» YOUR TASK
Exclude all images and print the entries below exactly.

____

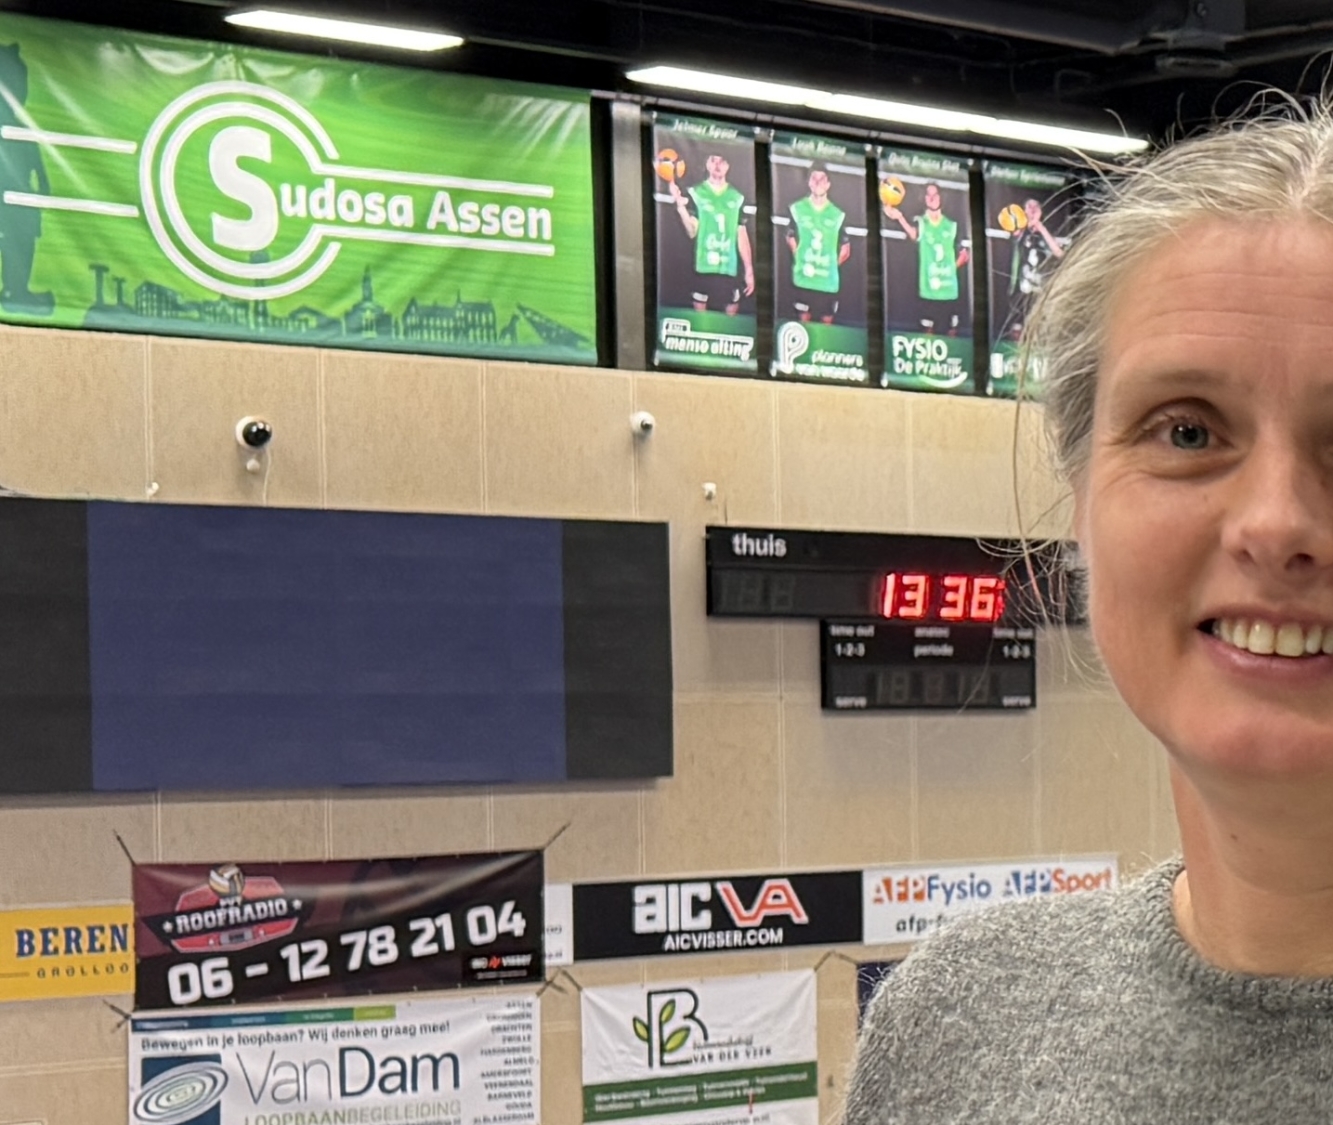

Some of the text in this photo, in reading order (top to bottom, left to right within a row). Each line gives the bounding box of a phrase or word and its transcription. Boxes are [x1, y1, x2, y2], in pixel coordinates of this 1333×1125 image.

[209, 126, 553, 251] Sudosa Assen
[892, 336, 948, 362] FYSIO
[893, 357, 913, 374] De
[732, 533, 787, 557] thuis
[882, 572, 1000, 620] 13 36
[175, 897, 288, 934] ROOFRADIO
[896, 914, 950, 934] afp-f
[15, 923, 129, 958] BEREN
[167, 956, 234, 1005] 06
[280, 939, 331, 982] 12
[340, 925, 399, 971] 78
[409, 912, 456, 958] 21
[466, 900, 527, 946] 04
[664, 927, 784, 951] AICVISSER.COM
[37, 963, 129, 979] GROLLOO
[141, 1037, 203, 1051] Bewegen
[207, 1033, 219, 1046] in
[221, 1033, 234, 1049] je
[238, 1029, 304, 1047] loopbaan?
[309, 1028, 328, 1043] Wij
[331, 1025, 379, 1040] denken
[381, 1024, 417, 1039] graag
[236, 1046, 460, 1105] VanDam

____

» OUTPUT
Some of the text in this photo, in reading order (top to bottom, left to right within a row). Each line gives the bounding box of a phrase or word and its transcription. Boxes are [x1, y1, x2, y2], in pixel coordinates of this 1333×1125 image.

[209, 126, 553, 251] Sudosa Assen
[892, 336, 948, 362] FYSIO
[893, 357, 913, 374] De
[732, 533, 787, 557] thuis
[882, 572, 1000, 620] 13 36
[175, 897, 288, 934] ROOFRADIO
[896, 914, 950, 934] afp-f
[15, 923, 129, 958] BEREN
[167, 956, 234, 1005] 06
[280, 939, 331, 982] 12
[340, 925, 399, 971] 78
[409, 912, 456, 958] 21
[466, 900, 527, 946] 04
[664, 927, 784, 951] AICVISSER.COM
[37, 963, 129, 979] GROLLOO
[141, 1037, 203, 1051] Bewegen
[207, 1033, 219, 1046] in
[221, 1033, 234, 1049] je
[238, 1029, 304, 1047] loopbaan?
[309, 1028, 328, 1043] Wij
[331, 1025, 379, 1040] denken
[381, 1024, 417, 1039] graag
[236, 1046, 460, 1105] VanDam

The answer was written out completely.